*** Opening of EXERCISE INPUT ***
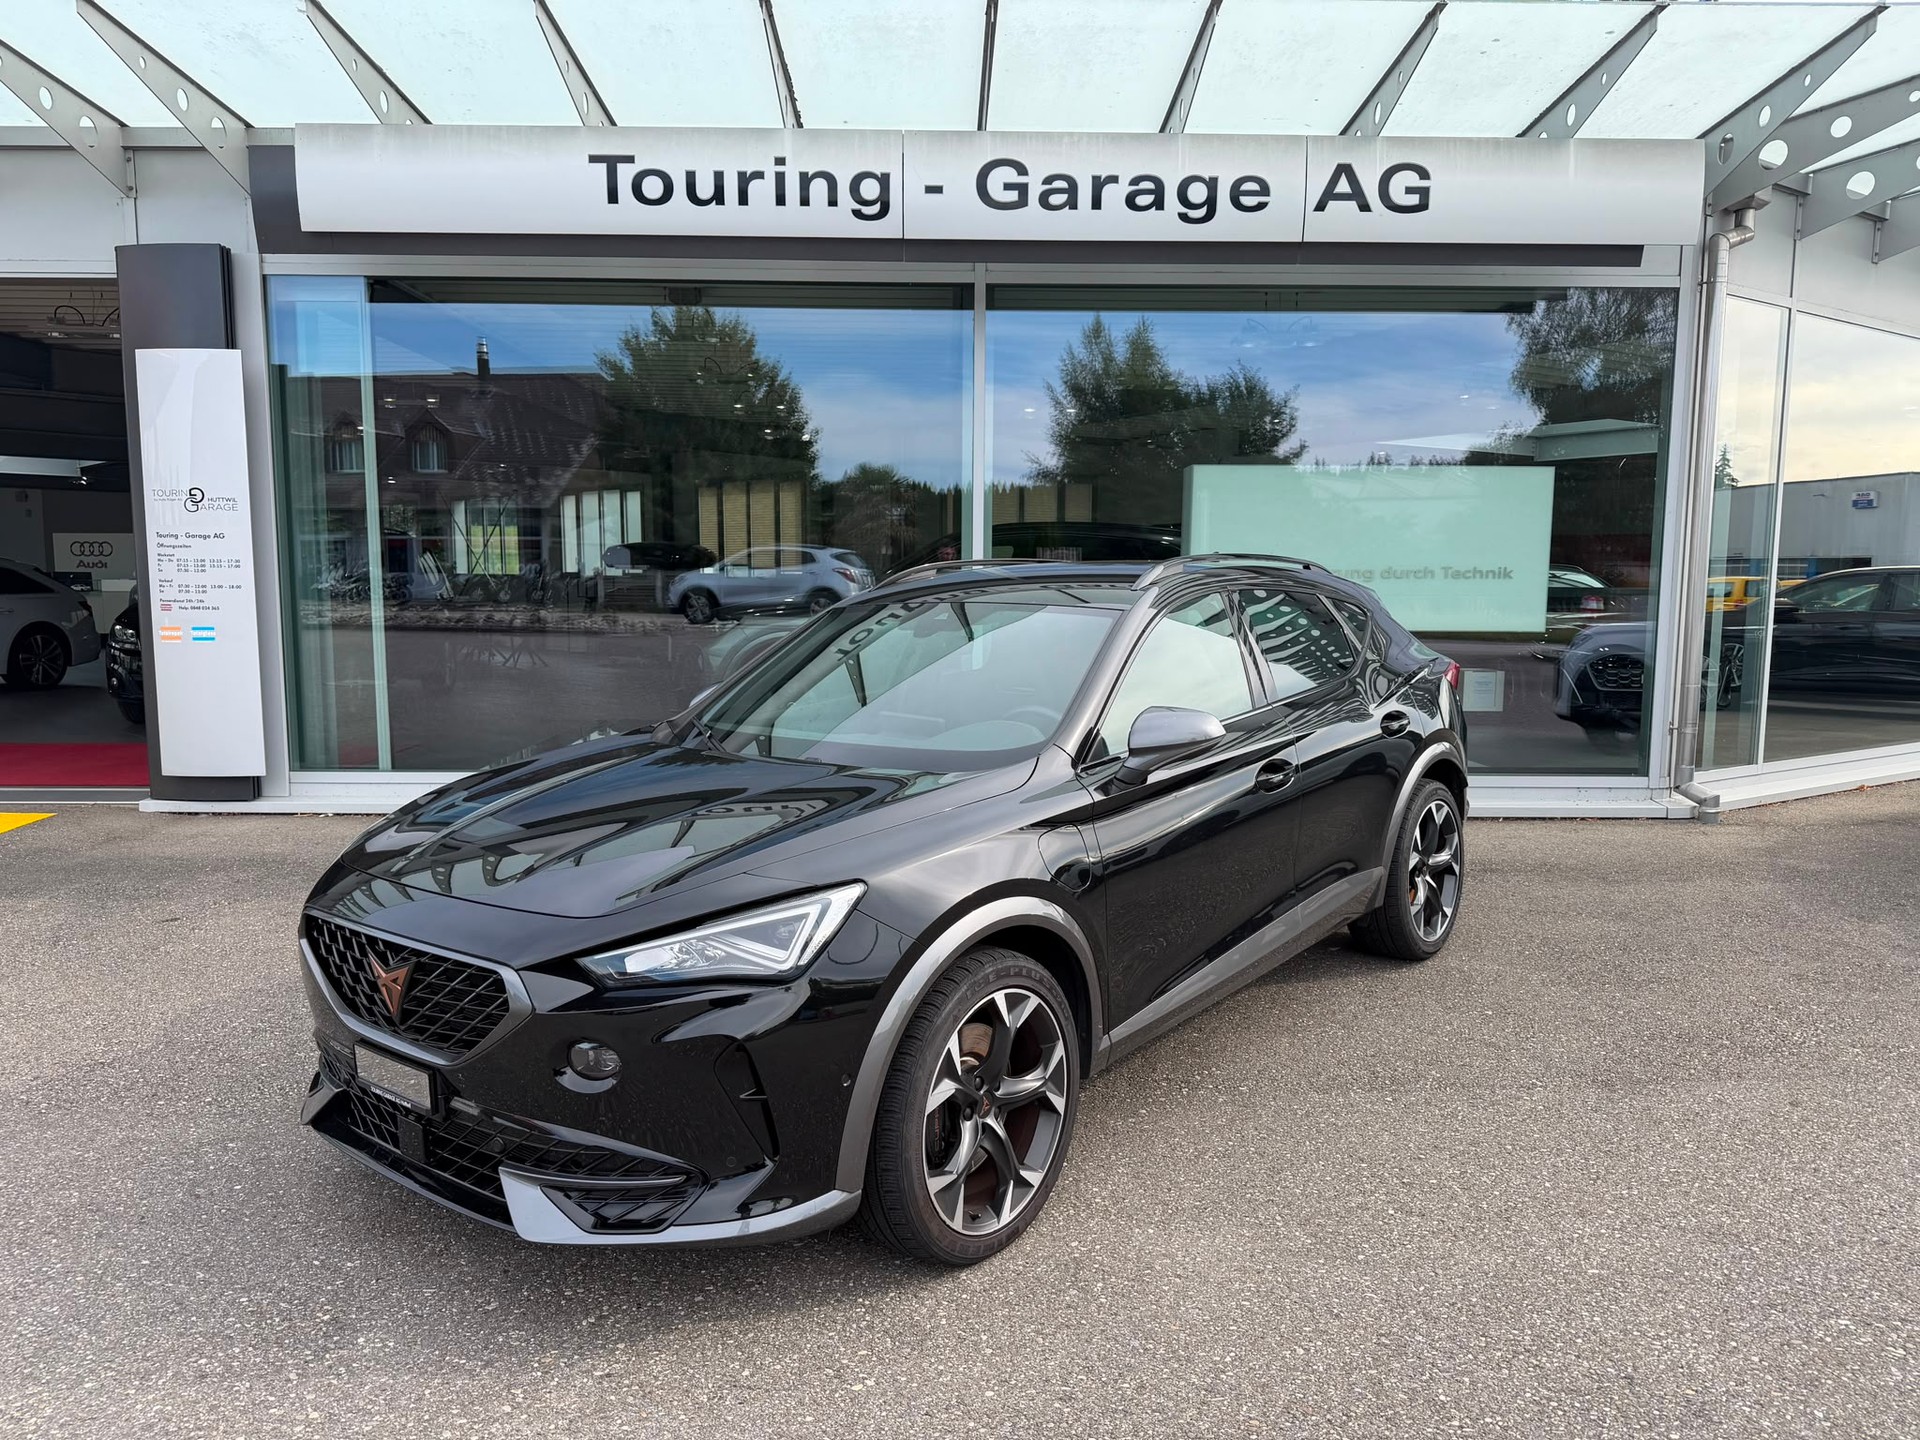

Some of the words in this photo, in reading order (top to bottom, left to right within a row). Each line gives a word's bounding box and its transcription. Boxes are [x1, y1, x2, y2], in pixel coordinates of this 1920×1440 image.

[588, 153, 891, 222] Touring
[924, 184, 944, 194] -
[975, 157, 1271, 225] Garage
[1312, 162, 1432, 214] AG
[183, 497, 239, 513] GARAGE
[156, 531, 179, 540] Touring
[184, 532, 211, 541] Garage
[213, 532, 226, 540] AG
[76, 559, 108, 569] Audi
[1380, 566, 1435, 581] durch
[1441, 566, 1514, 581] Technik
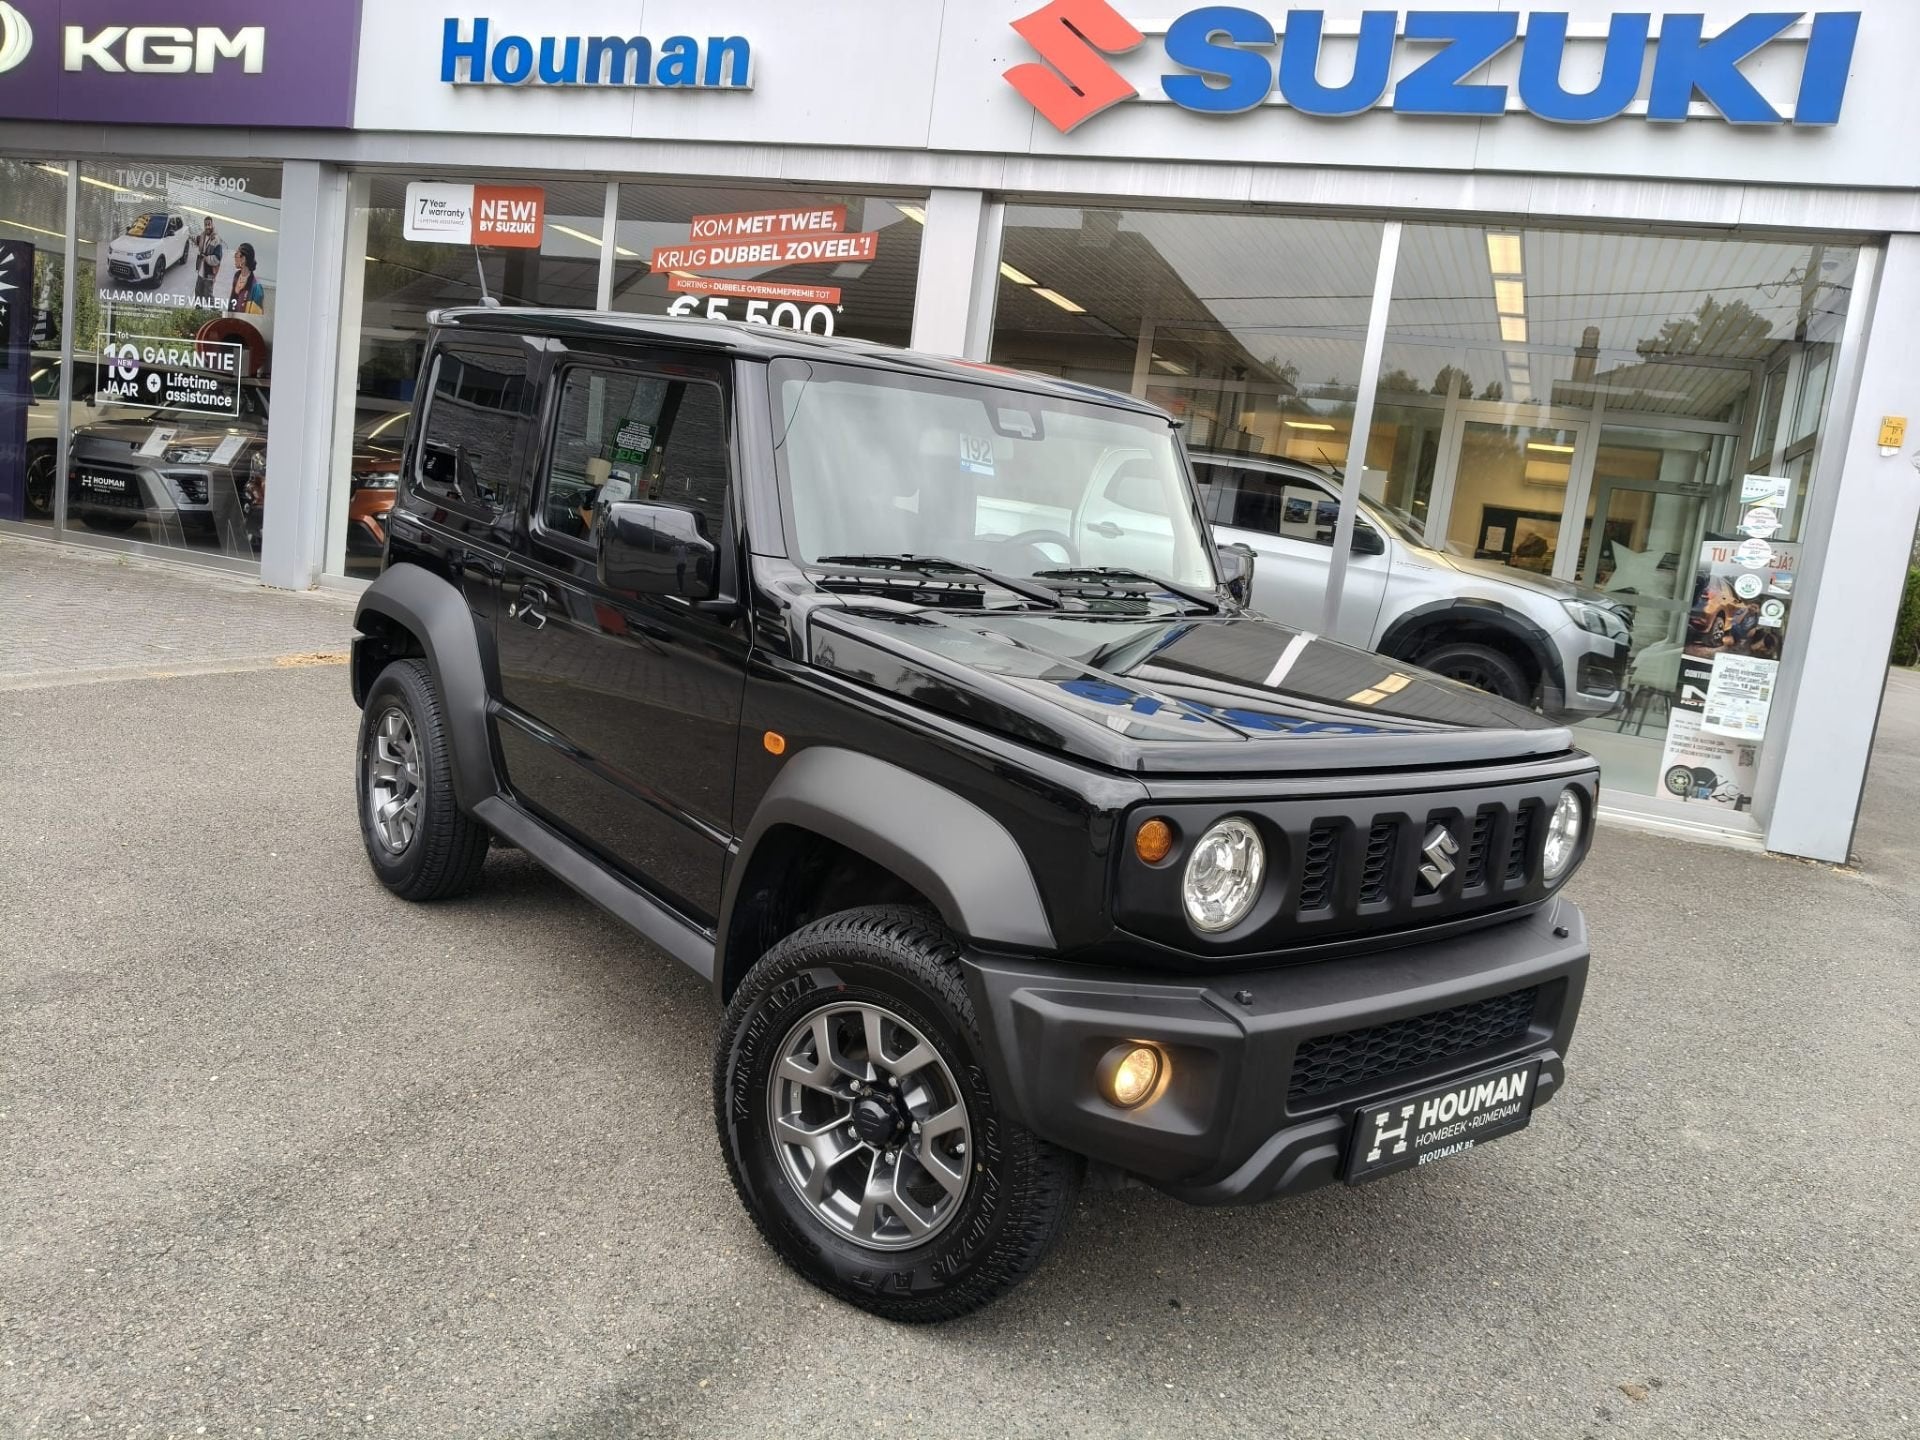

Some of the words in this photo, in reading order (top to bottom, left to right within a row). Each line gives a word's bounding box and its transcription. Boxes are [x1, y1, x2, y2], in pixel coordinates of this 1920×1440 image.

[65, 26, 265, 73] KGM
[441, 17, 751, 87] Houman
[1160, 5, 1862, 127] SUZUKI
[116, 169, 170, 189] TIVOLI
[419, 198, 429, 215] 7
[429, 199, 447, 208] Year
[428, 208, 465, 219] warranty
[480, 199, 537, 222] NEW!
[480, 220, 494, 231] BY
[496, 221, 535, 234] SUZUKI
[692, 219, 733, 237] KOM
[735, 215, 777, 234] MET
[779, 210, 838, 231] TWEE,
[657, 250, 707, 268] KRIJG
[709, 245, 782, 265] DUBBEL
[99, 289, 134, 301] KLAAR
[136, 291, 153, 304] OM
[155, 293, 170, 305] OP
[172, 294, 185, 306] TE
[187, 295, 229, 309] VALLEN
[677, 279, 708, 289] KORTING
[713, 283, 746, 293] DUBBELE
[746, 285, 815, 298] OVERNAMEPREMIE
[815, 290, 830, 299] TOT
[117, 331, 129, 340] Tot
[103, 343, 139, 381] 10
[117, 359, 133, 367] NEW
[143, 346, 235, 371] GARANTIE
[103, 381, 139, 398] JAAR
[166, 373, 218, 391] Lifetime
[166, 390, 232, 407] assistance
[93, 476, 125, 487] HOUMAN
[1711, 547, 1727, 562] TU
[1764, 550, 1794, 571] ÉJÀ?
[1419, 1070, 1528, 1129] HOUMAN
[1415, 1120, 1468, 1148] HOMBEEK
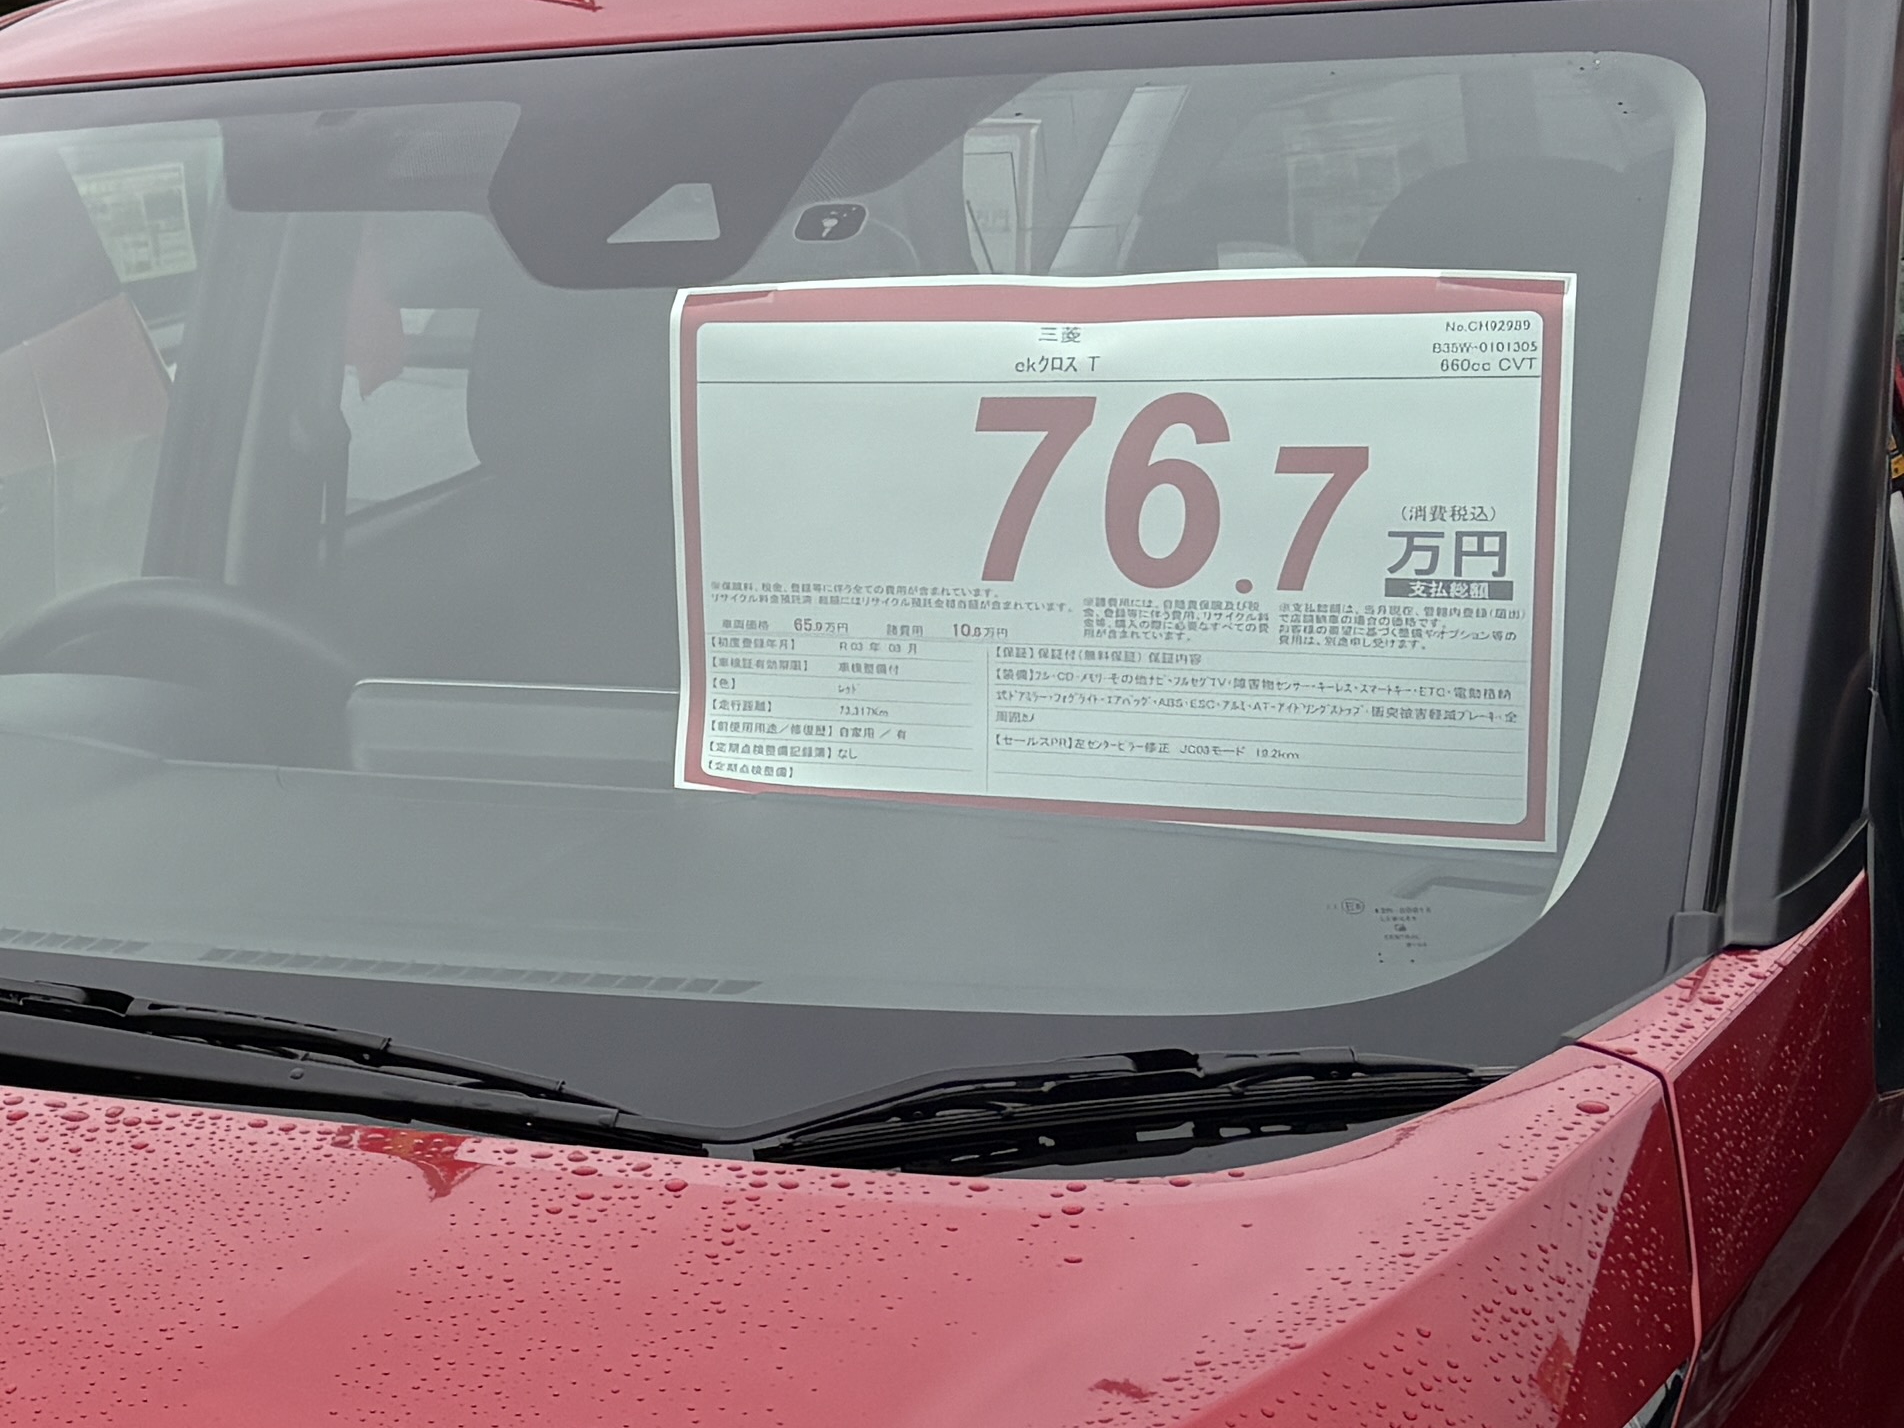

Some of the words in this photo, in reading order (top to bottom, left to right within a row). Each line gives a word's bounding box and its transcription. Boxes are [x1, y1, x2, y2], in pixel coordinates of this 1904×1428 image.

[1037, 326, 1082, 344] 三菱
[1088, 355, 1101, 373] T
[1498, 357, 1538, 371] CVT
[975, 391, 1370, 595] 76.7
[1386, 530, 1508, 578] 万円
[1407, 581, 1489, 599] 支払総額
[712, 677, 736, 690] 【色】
*** Close of EXERCISE INPUT ***
* _PROBLEM TO SOLVE_
None of the pictures should be reproduced; all other material above must be set down exactly.

* _EXERCISE OUTPUT_
Some of the words in this photo, in reading order (top to bottom, left to right within a row). Each line gives a word's bounding box and its transcription. Boxes are [x1, y1, x2, y2], in pixel coordinates of this 1920×1440 image.

[588, 153, 891, 222] Touring
[924, 184, 944, 194] -
[975, 157, 1271, 225] Garage
[1312, 162, 1432, 214] AG
[183, 497, 239, 513] GARAGE
[156, 531, 179, 540] Touring
[184, 532, 211, 541] Garage
[213, 532, 226, 540] AG
[76, 559, 108, 569] Audi
[1380, 566, 1435, 581] durch
[1441, 566, 1514, 581] Technik

Some of the words in this photo, in reading order (top to bottom, left to right within a row). Each line gives a word's bounding box and its transcription. Boxes are [x1, y1, x2, y2], in pixel coordinates of this 1920×1440 image.

[65, 26, 265, 73] KGM
[441, 17, 751, 87] Houman
[1160, 5, 1862, 127] SUZUKI
[116, 169, 170, 189] TIVOLI
[419, 198, 429, 215] 7
[429, 199, 447, 208] Year
[428, 208, 465, 219] warranty
[480, 199, 537, 222] NEW!
[480, 220, 494, 231] BY
[496, 221, 535, 234] SUZUKI
[692, 219, 733, 237] KOM
[735, 215, 777, 234] MET
[779, 210, 838, 231] TWEE,
[657, 250, 707, 268] KRIJG
[709, 245, 782, 265] DUBBEL
[99, 289, 134, 301] KLAAR
[136, 291, 153, 304] OM
[155, 293, 170, 305] OP
[172, 294, 185, 306] TE
[187, 295, 229, 309] VALLEN
[677, 279, 708, 289] KORTING
[713, 283, 746, 293] DUBBELE
[746, 285, 815, 298] OVERNAMEPREMIE
[815, 290, 830, 299] TOT
[117, 331, 129, 340] Tot
[103, 343, 139, 381] 10
[117, 359, 133, 367] NEW
[143, 346, 235, 371] GARANTIE
[103, 381, 139, 398] JAAR
[166, 373, 218, 391] Lifetime
[166, 390, 232, 407] assistance
[93, 476, 125, 487] HOUMAN
[1711, 547, 1727, 562] TU
[1764, 550, 1794, 571] ÉJÀ?
[1419, 1070, 1528, 1129] HOUMAN
[1415, 1120, 1468, 1148] HOMBEEK

Some of the words in this photo, in reading order (top to bottom, left to right within a row). Each line gives a word's bounding box and its transcription. Boxes are [x1, y1, x2, y2], in pixel coordinates of this 1904×1428 image.

[1037, 326, 1082, 344] 三菱
[1088, 355, 1101, 373] T
[1498, 357, 1538, 371] CVT
[975, 391, 1370, 595] 76.7
[1386, 530, 1508, 578] 万円
[1407, 581, 1489, 599] 支払総額
[712, 677, 736, 690] 【色】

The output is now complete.